Unfortunately, the artwork for both Scheme A and Scheme B has not survived in the Knopf or Dwiggins archives. Presumably, they were the same design differing only in how the jungle-like foliage was colored. [34] The final design is astonishing, even by Dwiggins’ standards. The title lettering in magenta, derived from Caslon and similar oldstyle roman typefaces, steps down word for word. It is framed by a tropical tangle of plant-like forms in magenta, spring green, and light blue. The author’s name in roman capitals is placed on a fluttering banner that unfurls diagonally across the foliage. The spine is tamer, with the title and author in roman capitals, bracketed by more lush vegetation, and “Knopf” in script within a grass-like frame.

Jacket for Zest for Life by Johan Wøller (New York: Alfred A. Knopf, 1937). Design, decoration, and lettering by W.A. Dwiggins.

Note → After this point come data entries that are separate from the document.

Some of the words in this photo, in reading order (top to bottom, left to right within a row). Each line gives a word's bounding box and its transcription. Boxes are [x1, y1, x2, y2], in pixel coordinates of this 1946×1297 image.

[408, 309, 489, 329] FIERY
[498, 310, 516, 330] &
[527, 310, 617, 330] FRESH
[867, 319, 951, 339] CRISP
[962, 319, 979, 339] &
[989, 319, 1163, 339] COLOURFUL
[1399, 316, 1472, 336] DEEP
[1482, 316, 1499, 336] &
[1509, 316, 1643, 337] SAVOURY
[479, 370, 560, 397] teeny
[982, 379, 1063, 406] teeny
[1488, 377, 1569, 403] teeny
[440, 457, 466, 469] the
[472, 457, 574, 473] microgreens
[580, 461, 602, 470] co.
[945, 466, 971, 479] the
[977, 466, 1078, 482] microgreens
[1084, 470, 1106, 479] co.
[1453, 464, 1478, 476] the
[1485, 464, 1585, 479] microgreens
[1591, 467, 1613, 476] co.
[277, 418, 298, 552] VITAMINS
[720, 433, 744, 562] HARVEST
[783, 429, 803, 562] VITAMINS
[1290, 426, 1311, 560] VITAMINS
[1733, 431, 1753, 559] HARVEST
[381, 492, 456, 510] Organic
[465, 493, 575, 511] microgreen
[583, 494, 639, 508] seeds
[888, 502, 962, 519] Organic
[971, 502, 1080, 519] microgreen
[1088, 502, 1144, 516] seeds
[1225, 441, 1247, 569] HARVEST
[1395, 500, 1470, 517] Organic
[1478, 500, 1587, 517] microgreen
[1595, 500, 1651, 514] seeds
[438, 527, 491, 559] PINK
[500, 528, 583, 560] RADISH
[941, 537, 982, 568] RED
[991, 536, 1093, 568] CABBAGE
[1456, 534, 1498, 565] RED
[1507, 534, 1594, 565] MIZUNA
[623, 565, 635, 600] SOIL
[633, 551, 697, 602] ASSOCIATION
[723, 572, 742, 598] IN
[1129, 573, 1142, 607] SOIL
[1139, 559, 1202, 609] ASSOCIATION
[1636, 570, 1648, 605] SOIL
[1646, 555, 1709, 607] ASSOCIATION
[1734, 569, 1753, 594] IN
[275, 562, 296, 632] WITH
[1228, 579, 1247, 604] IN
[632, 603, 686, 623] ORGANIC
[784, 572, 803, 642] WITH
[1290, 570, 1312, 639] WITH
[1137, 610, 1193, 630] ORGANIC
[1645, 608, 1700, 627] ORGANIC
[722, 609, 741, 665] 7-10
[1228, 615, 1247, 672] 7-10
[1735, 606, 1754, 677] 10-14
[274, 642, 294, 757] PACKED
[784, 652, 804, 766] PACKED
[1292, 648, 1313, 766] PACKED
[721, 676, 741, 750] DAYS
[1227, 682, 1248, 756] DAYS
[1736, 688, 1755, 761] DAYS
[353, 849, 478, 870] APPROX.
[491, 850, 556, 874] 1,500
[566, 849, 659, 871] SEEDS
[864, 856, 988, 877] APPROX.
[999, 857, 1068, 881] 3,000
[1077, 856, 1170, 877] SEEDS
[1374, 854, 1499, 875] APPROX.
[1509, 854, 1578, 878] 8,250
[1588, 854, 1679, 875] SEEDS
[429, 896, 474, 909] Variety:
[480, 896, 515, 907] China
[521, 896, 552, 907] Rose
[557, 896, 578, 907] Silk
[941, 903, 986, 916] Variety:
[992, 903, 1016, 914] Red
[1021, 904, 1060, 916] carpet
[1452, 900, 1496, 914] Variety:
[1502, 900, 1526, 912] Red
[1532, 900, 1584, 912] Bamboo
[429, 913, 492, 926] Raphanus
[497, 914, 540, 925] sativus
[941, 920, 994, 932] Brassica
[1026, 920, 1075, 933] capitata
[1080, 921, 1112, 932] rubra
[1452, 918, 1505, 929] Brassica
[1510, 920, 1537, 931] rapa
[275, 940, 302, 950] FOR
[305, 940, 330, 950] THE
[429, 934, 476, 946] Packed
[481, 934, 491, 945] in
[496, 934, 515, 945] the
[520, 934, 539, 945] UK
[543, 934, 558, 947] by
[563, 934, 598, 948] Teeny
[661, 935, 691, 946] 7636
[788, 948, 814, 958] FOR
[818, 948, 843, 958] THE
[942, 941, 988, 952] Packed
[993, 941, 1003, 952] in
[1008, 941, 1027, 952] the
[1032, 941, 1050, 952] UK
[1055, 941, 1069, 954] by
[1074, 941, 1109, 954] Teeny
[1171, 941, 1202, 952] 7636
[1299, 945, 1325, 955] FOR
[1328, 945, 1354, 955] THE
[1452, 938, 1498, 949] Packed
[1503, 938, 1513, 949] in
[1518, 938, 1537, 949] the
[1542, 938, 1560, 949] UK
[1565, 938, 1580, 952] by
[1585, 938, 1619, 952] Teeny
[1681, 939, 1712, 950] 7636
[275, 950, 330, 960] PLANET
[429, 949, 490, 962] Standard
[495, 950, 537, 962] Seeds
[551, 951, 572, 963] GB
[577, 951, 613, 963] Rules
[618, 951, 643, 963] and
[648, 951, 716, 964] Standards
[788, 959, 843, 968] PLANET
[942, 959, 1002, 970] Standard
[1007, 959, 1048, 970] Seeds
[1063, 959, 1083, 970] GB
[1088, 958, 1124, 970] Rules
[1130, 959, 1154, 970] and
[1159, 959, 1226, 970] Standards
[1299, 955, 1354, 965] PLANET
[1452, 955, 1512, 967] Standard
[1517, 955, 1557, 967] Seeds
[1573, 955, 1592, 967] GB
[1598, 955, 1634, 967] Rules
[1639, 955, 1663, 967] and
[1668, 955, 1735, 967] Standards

Proof of jacket for Zest for Life by Johan Wøller with annotations by W.A. Dwiggins. At the left: “[b]oth the blue and green ink are a little less bright than my original samples due to absorption in drying on the paper I imagine.”; at the right: “I’d say: use your blue and green as here—and a new red as per daubing on this proof / It will make an eye-full on the sales-tables, yes?” Image courtesy of the Harry Ransom Center, University of Texas.
As indicated earlier, the judgement of the sales department at Knopf was: “A good jacket for an unimportant book.” Although Zest for Life may not have been an important book, Jacobs and Dwiggins saw future potential in its jacket design. Dwiggins, on a proof (see above), declared, “it will make an eye-full on the sales-tables, yes?” [35] In May 1937 they began discussing how to use it as the basis for other jackets with Jacobs proposing that “additions”—meaning other titles and author names—be made by Sam Bass, one of the New York City lettering artists he relied on. Dwiggins countered by suggesting “that you could get variety if you wanted by different sets of colors. Our scheme of the ZEST FOR LIFE colors as a standing blank jacket to fill later, very good.” [36]
The book they were discussing was Hadrian the Seventh by Frederick Baron Corvo (New York: Alfred A. Knopf, 1937), possibly the first title in the Alblabooks series to receive a new jacket. Dwiggins ok’ed Bass (b.1910) as the letterer and, when he saw the finished jacket, described it as “Prime”. [37] The Zest for Life template was subsequently used for other Alblabooks jackets over the following two years, some with different colors as per Dwiggins’ suggestion and lettering by either Bass or another New York City artist. [38]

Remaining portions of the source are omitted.